When the sheriff came to exact the king's toll, he holed up at a local inn. Knowing this, more than 20 townsmen blackened their faces, broke into his room, and beat him bloody with pine switches. As Keith Lacasse, an architect and former hockey goalie who is also running for selectman, tells it, the townsmen then put the sheriff and his deputies on their horses and cut off the horses' ears and manes to devalue the animals. Then they "slapped them on the ass and sent them down the road, with people lining the streets jeering. And that was just over pine trees!
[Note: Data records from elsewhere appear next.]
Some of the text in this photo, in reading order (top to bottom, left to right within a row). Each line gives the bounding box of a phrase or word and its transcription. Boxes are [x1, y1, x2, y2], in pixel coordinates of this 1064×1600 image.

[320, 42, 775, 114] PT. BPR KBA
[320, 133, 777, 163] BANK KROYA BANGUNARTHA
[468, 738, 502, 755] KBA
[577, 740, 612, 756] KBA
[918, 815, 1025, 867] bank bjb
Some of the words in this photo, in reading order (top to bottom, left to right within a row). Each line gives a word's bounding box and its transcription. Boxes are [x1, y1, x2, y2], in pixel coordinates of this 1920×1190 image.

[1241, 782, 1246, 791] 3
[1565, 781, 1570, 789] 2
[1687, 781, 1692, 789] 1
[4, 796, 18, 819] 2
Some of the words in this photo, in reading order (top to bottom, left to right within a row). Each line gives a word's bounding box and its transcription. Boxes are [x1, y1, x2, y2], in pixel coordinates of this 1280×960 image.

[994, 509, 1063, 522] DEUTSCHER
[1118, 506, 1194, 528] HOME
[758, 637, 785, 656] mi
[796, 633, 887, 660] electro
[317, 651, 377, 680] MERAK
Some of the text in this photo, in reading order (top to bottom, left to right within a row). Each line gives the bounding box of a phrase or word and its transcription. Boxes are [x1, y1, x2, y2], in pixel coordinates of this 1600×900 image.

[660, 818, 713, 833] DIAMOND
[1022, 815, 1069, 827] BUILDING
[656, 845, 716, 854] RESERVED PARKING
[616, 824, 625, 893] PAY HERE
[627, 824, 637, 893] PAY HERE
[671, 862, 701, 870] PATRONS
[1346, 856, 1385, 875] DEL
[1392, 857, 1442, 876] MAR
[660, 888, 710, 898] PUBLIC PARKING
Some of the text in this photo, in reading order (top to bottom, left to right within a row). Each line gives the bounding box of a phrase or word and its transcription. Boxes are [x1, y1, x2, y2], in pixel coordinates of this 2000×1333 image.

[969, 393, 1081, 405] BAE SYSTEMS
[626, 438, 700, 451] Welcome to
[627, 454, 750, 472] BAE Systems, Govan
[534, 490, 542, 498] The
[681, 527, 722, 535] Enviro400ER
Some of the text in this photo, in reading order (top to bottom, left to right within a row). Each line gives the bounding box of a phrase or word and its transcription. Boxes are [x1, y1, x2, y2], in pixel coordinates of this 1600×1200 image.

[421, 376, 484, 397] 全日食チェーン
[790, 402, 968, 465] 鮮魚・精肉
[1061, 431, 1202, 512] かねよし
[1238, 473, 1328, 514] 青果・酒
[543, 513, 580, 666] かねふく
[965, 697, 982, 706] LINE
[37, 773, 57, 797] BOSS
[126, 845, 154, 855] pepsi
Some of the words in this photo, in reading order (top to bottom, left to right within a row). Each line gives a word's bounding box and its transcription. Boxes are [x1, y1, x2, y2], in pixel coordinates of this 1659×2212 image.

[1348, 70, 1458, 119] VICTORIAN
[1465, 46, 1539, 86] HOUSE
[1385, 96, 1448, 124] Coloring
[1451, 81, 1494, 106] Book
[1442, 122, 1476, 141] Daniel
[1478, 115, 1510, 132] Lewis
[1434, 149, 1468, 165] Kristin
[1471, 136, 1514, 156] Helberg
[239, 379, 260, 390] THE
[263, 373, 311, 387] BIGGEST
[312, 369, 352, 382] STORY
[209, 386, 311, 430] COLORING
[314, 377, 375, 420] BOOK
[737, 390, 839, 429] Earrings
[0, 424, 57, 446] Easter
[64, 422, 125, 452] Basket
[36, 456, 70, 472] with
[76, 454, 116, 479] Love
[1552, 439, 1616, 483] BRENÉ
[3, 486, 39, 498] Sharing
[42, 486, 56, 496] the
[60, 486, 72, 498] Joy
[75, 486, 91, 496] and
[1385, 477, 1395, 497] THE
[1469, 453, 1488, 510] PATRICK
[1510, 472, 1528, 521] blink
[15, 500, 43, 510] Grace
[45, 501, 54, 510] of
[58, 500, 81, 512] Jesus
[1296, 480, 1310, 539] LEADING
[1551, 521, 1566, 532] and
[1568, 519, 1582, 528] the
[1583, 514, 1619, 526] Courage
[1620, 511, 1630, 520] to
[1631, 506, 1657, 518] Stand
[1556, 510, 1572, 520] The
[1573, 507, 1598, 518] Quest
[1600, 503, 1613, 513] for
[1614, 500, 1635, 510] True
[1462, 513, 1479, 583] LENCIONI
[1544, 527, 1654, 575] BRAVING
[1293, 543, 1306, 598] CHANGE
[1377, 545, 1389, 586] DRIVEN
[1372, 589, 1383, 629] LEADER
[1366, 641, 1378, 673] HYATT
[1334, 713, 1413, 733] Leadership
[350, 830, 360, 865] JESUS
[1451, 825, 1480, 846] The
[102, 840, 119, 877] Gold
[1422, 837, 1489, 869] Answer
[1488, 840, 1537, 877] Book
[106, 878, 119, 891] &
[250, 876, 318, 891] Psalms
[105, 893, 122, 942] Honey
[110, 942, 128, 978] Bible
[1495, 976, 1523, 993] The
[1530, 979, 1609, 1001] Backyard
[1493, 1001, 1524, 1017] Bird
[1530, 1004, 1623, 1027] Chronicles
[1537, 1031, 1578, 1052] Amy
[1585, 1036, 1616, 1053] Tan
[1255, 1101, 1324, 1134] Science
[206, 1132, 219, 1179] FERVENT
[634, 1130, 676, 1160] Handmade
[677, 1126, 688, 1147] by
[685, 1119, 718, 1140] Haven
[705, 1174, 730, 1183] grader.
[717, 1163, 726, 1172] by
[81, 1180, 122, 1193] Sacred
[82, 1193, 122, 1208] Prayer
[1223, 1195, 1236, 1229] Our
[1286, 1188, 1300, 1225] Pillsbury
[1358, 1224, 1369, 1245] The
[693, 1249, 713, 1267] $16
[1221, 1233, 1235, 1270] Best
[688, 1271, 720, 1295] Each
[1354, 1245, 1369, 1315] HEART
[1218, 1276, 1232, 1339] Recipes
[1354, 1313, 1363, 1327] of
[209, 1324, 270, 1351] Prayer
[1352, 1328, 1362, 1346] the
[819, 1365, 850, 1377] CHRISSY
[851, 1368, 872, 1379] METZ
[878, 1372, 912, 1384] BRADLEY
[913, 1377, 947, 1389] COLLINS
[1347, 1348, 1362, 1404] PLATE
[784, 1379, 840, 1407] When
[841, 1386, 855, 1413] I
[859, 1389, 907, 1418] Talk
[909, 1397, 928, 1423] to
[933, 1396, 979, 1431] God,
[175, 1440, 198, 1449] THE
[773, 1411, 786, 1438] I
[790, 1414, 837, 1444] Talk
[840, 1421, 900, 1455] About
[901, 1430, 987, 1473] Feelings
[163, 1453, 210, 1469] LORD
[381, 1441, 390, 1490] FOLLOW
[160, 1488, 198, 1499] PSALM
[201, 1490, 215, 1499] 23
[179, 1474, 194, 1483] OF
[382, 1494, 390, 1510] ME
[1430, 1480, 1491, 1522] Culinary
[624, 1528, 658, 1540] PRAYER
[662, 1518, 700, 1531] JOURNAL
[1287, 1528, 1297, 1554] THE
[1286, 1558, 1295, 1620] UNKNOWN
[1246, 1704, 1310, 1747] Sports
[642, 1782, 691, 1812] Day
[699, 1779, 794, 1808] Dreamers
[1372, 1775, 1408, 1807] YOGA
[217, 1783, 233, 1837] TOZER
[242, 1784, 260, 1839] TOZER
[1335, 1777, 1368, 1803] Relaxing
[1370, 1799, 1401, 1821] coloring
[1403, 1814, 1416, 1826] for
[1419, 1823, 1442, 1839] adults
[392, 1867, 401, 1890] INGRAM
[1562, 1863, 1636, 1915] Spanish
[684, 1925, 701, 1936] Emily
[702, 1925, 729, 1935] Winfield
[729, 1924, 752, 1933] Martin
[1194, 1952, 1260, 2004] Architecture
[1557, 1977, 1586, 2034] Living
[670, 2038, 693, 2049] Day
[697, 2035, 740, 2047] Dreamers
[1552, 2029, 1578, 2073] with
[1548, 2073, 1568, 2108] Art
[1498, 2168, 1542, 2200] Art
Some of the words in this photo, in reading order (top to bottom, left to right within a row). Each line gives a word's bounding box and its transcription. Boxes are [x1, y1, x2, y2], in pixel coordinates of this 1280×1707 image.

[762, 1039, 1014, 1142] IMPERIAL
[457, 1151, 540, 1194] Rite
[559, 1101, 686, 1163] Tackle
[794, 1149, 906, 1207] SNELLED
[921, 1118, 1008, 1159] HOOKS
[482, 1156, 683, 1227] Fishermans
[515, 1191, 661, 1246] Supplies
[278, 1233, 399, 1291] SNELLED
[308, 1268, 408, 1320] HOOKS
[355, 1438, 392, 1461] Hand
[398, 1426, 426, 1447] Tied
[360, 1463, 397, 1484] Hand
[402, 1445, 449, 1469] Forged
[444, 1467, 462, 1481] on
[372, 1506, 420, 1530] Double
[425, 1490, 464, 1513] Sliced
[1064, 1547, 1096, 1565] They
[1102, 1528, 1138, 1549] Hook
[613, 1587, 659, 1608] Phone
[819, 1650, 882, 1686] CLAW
Can you imagine if those guys were around today?"
Outside the hall afterwards, Clements is in a close huddle with a United Airlines pilot who's come from New York, and who says he'd be willing to move up here immediately and run for selectman if it'll make the difference. It turns out election rules forbid it. He missed the cutoff for residency. But his willingness innervates Clements. When I ask him what he's looking for in a candidate, he says, "They need to have a pulse, and support the project. Those are my two things."
Clements says if they don't swing this election, they'll be back come the next one. He's in it to win it, and isn't going anywhere. The project is too important to abandon: "I'd like to show them that without property rights, there is no economic development. I'd take those five justices on a year-abroad study--to Zimbabwe, North Korea, Cuba, Canada." Just kidding on the last one, he says. "But I don't have the money for a year-abroad program at my educational institute. So I thought we'd just do some home-schooling. That's what we're doing. We're doing a home-schooling program. And David Souter's our first student."
Matt Labash is a senior writer at The Weekly Standard.